Would you retype the whole listing exactly, leaving its pictures out?

## MATERIAL SUPPLIED:
Content starts

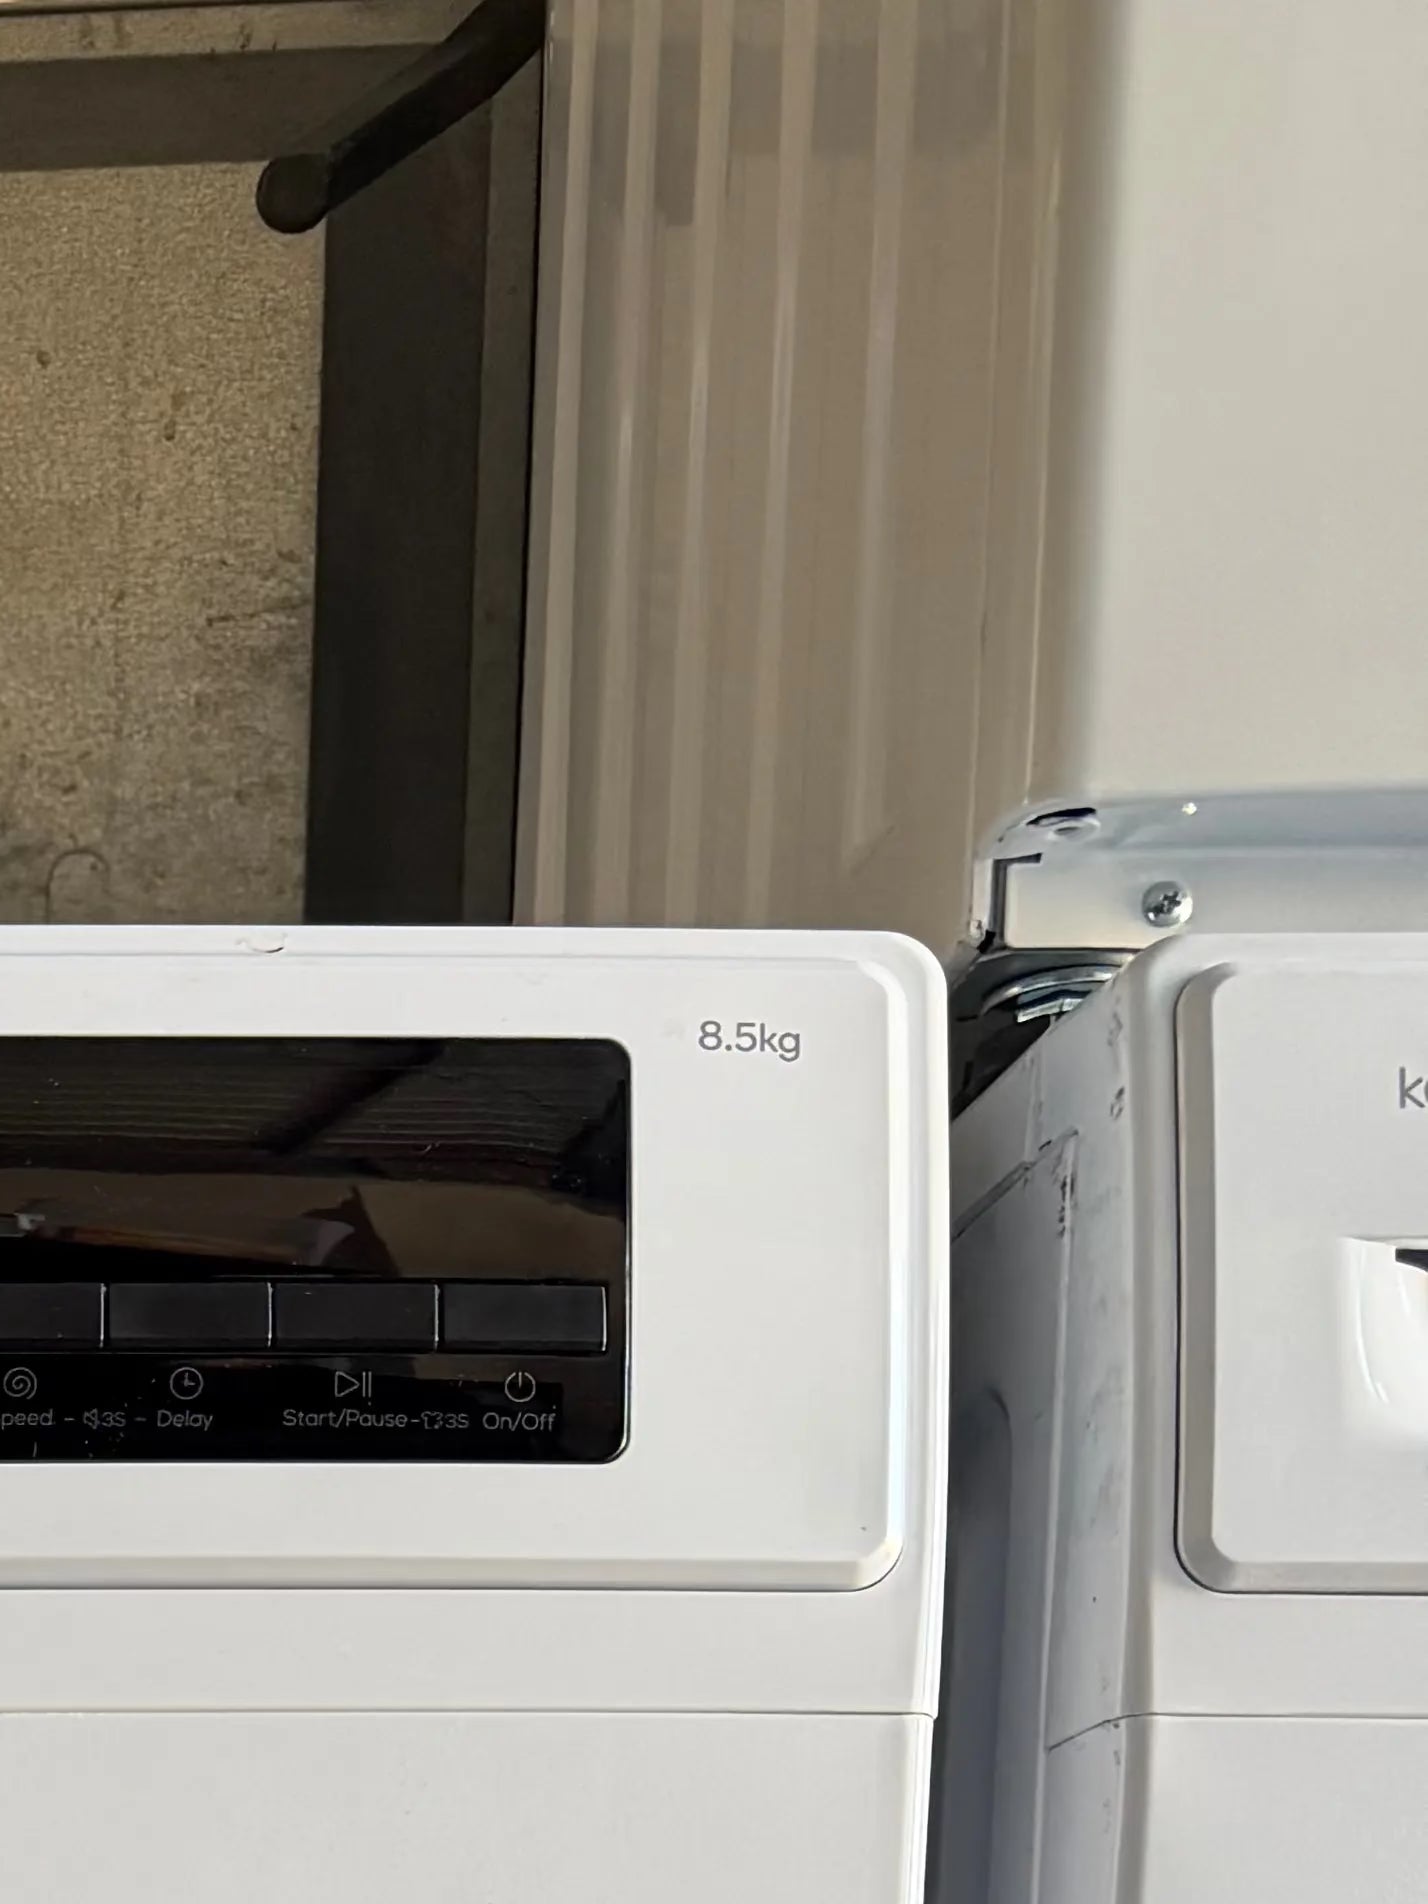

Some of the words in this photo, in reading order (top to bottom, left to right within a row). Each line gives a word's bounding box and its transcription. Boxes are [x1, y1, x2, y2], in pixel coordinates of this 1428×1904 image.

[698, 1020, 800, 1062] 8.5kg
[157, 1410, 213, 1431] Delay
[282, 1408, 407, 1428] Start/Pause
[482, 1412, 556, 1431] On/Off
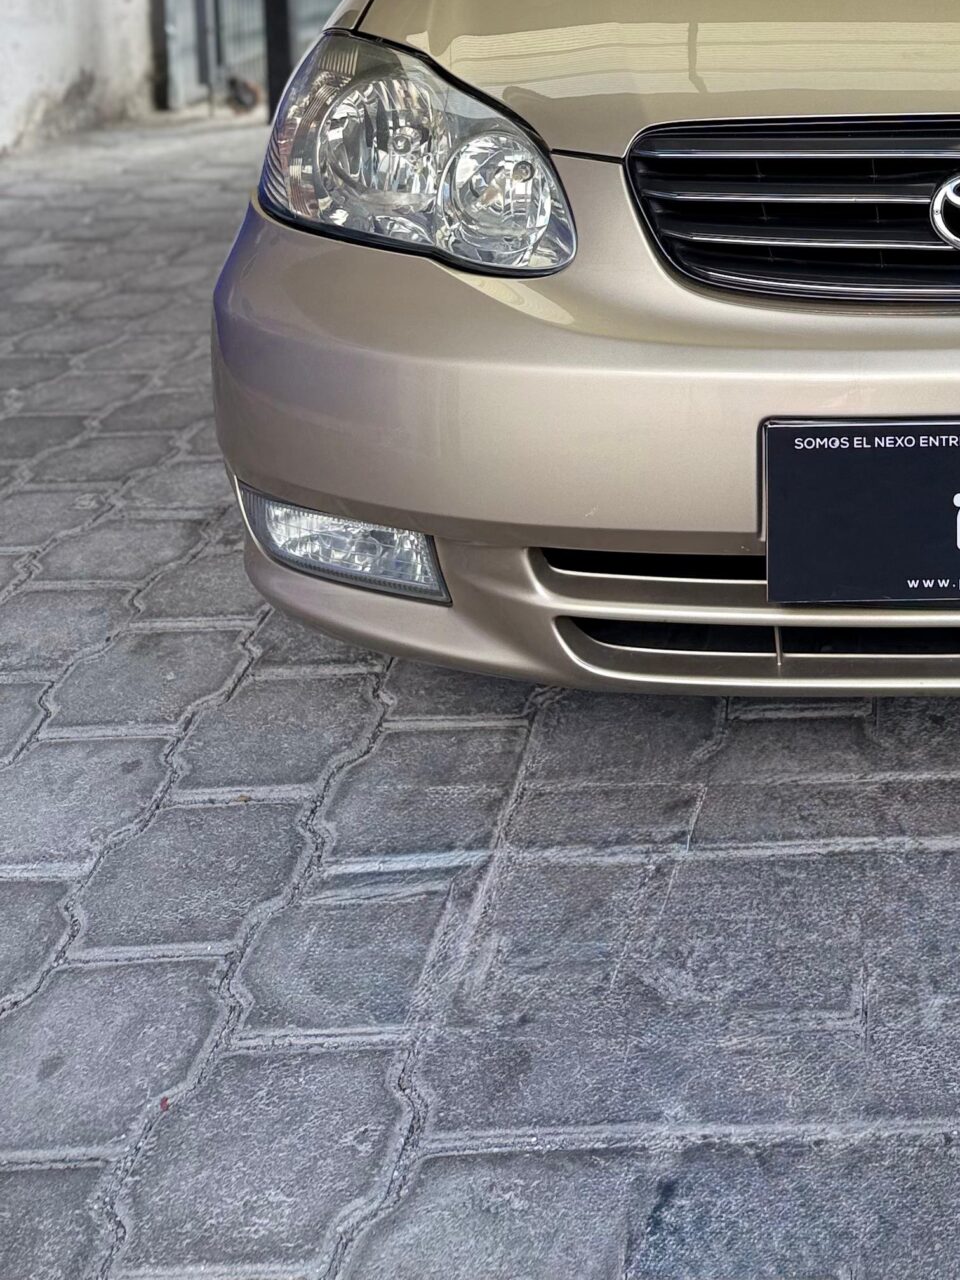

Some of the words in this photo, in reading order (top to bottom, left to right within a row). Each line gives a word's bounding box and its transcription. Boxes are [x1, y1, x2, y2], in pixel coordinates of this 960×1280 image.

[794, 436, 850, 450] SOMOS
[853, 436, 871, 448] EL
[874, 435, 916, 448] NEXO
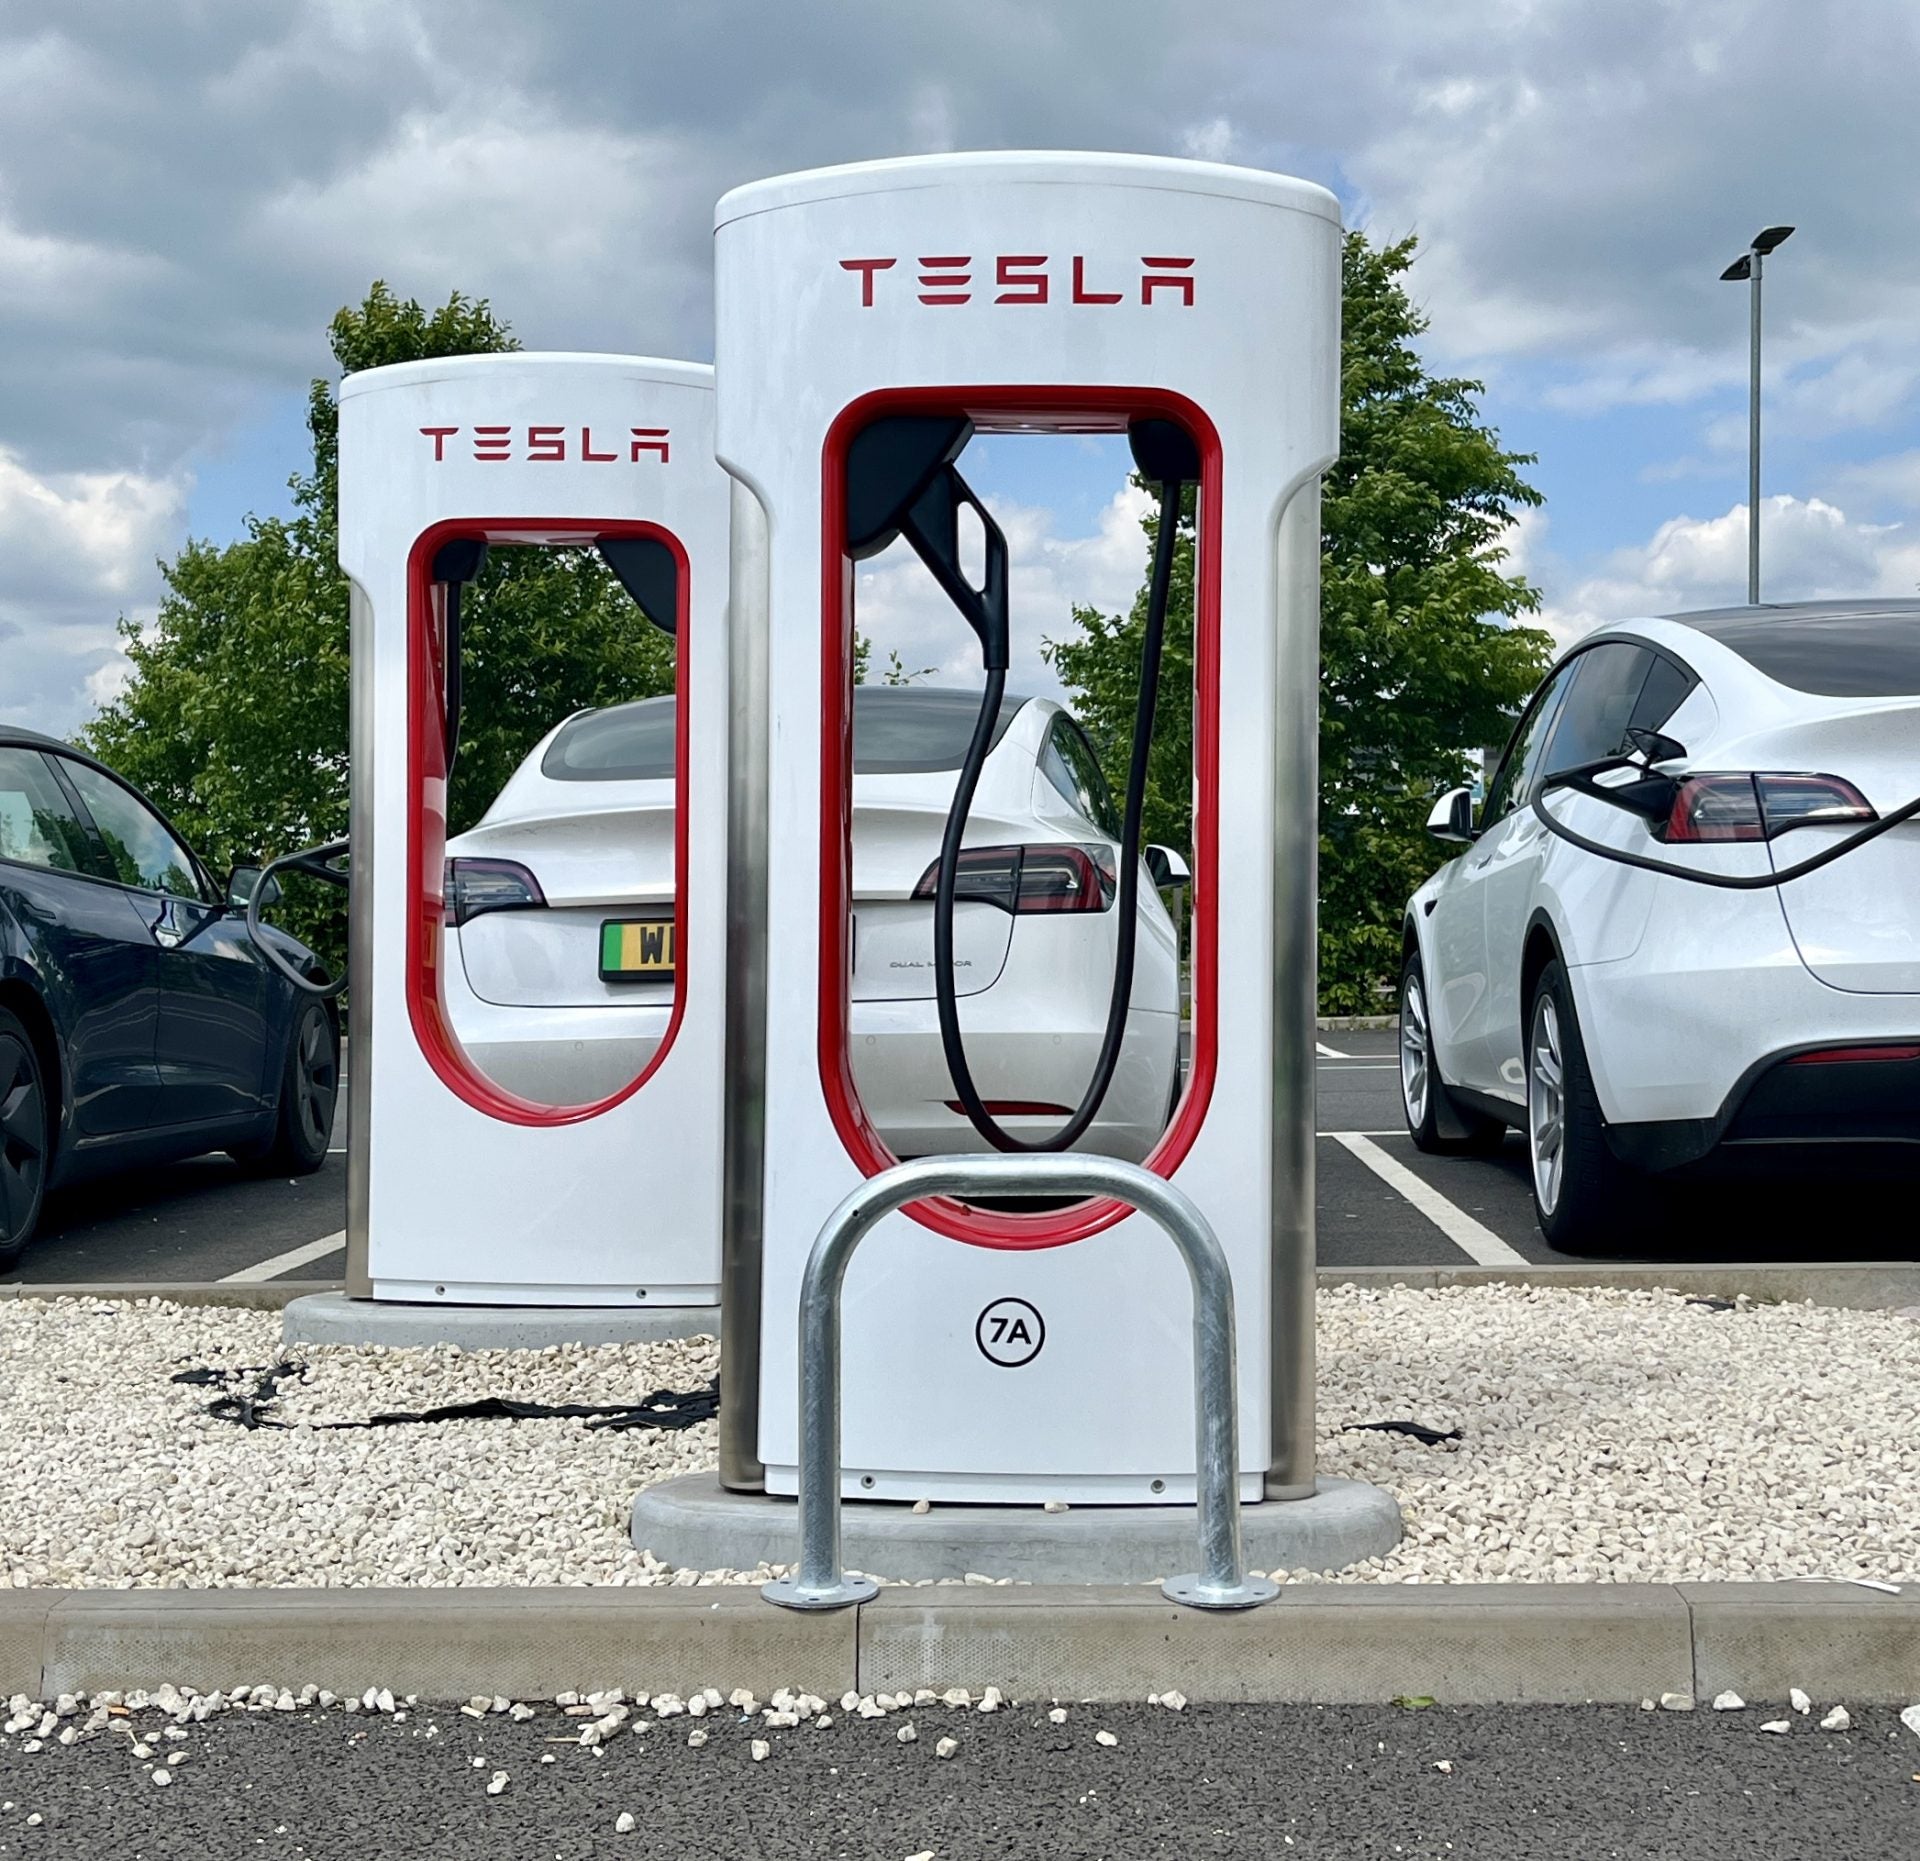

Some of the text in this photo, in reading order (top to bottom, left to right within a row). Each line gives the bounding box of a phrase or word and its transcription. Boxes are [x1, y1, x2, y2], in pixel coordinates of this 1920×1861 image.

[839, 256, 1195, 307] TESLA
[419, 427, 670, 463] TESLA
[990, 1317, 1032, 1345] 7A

Content ends

## ANSWER BELOW:
Some of the words in this photo, in reading order (top to bottom, left to right within a row). Each line gives a word's bounding box and its transcription. Boxes are [x1, y1, x2, y2], in pixel coordinates of this 1428×1904 image.

[698, 1020, 800, 1062] 8.5kg
[157, 1410, 213, 1431] Delay
[282, 1408, 407, 1428] Start/Pause
[482, 1412, 556, 1431] On/Off

Some of the words in this photo, in reading order (top to bottom, left to right within a row). Each line gives a word's bounding box and its transcription. Boxes are [x1, y1, x2, y2], in pixel coordinates of this 960×1280 image.

[794, 436, 850, 450] SOMOS
[853, 436, 871, 448] EL
[874, 435, 916, 448] NEXO

Some of the text in this photo, in reading order (top to bottom, left to right within a row). Each line gives the bounding box of a phrase or word and its transcription. Boxes are [x1, y1, x2, y2], in pixel coordinates of this 1920×1861 image.

[839, 256, 1195, 307] TESLA
[419, 427, 670, 463] TESLA
[990, 1317, 1032, 1345] 7A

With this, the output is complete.